The symposium organizers didn’t provide us with showgirls or faux prostitutes. But they did provide a faculty of talented writers, including Pico Iyer. Pico offered insights and advice in a manner that showed respect for the attendees and fellow faculty members, knowledge of his craft, wisdom, and inchoate gentleness.
Before the concluding banquet, we pulled up chairs in a circle around Pico in a northern garden just warming toward summer. His face was dappled by sunlight filtered through the leaves and flowers of a lilac tree. He talked about his time spent with the Dali Lama. We learned that every October the Dali Lama travels around Japan with Pico, shaking the hands of truck drivers as well as dignitaries.
This morning, back home with Aki in rainy Juneau, I wondered why Pico’s description of the Dali Lama among the truck drivers grabbed pride of place in my memory of the symposium. I had heard more powerful stories about his life and travels. I had learned much from other facility members and fellow participants. But my strongest memory is of a smiling, bespectacled monk by the door of a gas station convenience store pressing the flesh of a line of confused working men. It seems an apt metaphor for Pico’s presence at the symposium, offering without judgment, a recognition of our human value.

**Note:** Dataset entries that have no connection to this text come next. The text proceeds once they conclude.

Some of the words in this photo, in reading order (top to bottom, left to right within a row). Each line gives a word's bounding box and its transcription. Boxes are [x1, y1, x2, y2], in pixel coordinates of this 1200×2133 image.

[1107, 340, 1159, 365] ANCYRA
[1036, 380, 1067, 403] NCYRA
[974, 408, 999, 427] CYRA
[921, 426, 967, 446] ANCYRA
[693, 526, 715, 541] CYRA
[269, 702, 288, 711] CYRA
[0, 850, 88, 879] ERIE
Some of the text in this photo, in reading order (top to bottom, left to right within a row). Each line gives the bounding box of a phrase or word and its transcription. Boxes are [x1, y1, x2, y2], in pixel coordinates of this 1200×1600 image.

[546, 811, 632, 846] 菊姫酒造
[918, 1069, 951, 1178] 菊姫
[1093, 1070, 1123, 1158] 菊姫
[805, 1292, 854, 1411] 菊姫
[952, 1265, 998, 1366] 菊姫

Aki and I are alone when we leave the Treadwell woods for Sandy Beach. The minus low tide has uncovered a huge expanse of the fine mine tailings that we call “sand.” Racing her impatience, the little dog charges onto the beach, makes a tight circle, and then runs along the high tide line with her nose close the sandy surface. I understand her reaction. So much openness also makes me want to run because we live in a deep-sided valley drained by a fjord and most of the flat ground is forested.

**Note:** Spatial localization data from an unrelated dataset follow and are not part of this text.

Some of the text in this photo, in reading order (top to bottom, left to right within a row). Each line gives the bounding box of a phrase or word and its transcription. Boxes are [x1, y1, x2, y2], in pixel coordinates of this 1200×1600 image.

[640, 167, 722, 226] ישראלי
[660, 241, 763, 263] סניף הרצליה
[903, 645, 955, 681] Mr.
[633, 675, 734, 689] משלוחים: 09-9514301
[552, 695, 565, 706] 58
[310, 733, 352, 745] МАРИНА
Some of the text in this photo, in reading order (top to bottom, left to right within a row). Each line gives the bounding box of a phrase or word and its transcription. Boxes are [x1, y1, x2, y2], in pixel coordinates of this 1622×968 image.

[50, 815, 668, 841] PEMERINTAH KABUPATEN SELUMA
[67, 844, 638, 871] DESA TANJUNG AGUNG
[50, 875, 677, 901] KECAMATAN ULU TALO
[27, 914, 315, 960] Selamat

While I consider walking to the edge of Gastineau Channel, two small white birds (gulls?) dive on a pair of northern goshawks. The goshawks had been on the beach. Their tiny tormentors drive them out and over the channel. One of the goshawks eludes its pursuer in the air over Suicide Falls and arcs back to Sandy Beach and flies over our heads. The other goshawk is still being harassed as it flies out of our sight.

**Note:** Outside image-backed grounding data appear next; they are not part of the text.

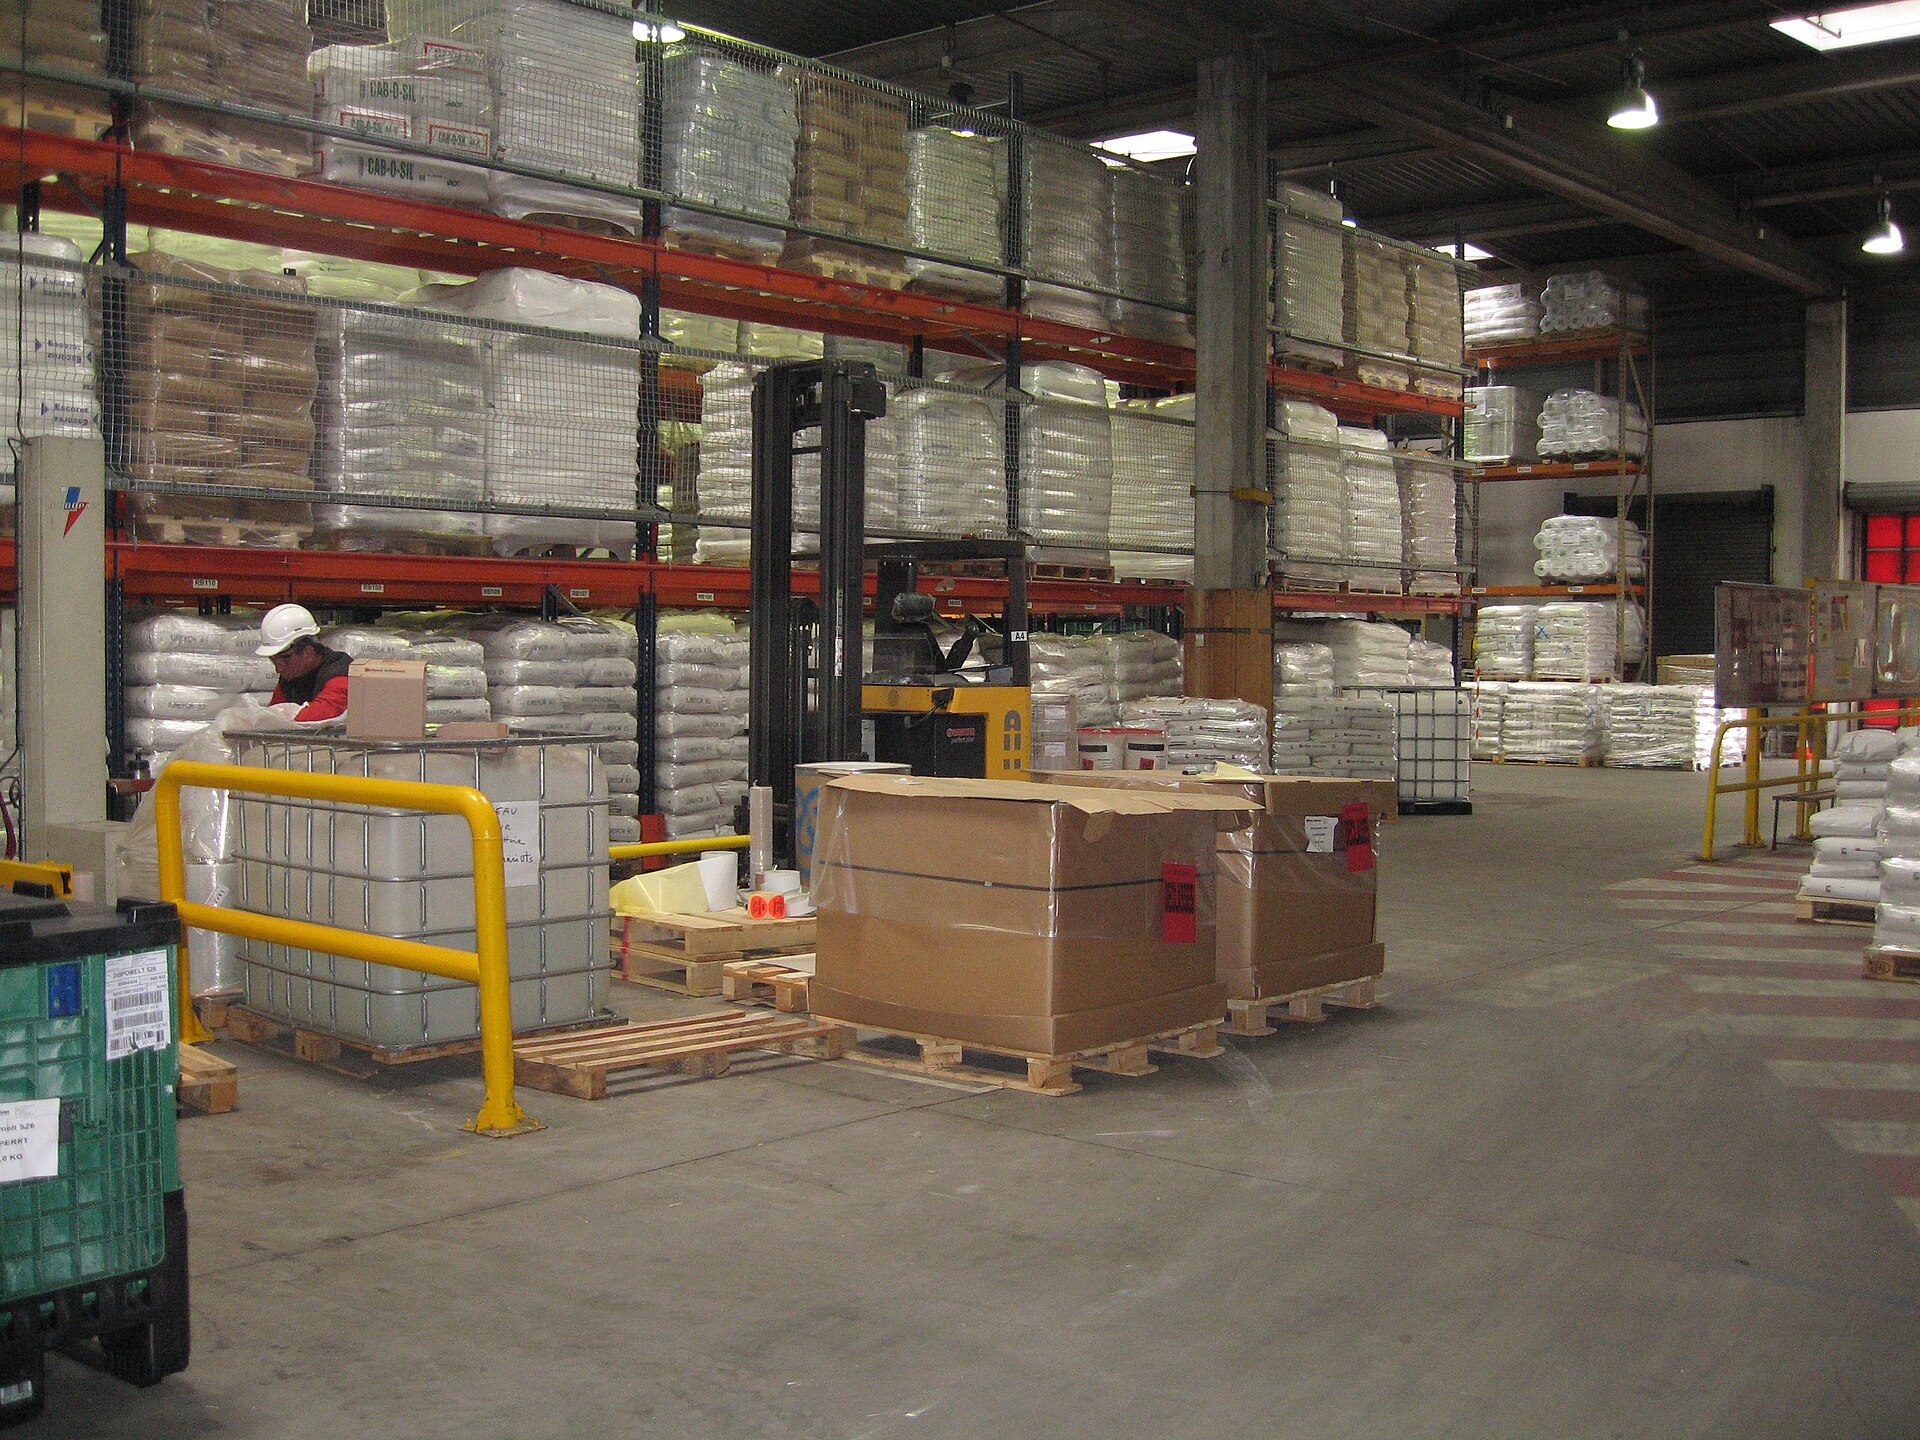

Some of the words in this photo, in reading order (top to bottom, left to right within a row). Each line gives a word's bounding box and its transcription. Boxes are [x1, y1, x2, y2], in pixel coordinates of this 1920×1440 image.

[370, 81, 416, 102] CAB-O-SIL
[367, 157, 415, 181] CAB-O-SIL
[54, 403, 89, 414] Escorez
[1015, 631, 1025, 641] A4
[496, 806, 517, 815] EAU
[113, 966, 146, 979] DISPOMELT
[147, 965, 157, 973] 526
[19, 1122, 35, 1130] 526

After watching the second goshawk disappear, I count four cruise ships docked for the day near Downtown Juneau. Thousands of their passengers are disembarking. Many of them will take a bus to the Mendenhall Glacier Visitor Center. The richest will hire helicopters to land them on the Juneau Icefield. We will hear helicopters and tourism float planes all day. The little dog and I have had to adapt to this seasonal invasion, as have the whales, deer, eagles, wolves, bears, goshawks and gulls.
Three harlequin ducks shared a near shore rock, each bending over as if to preach to the rest of their raft as they floated in the water. No bird attended to the sermon of a crow standing alone on another rock. Then, as if conducting an ordered evacuation, the three ducks dove one after the other into the water. Without the little dog or I knowing it, two bald eagles had been watching the harlequin performance from high in the spruce tree behind us.
After screeching out a critique, the eagles flew over our heads and glided over the ducks. If the eagles were planning on diving on the ducks, they soon gave up on the idea. Instead they started what appeared to be a game of tag. One eagle closed on the other. When a collision seemed imminent, the two birds sailed apart. They continued the dance over the ducks for a minute and then flew off in different directions.
The raft of harlequins, which had moved close to the rocky shore, spread out and returned to their fishing.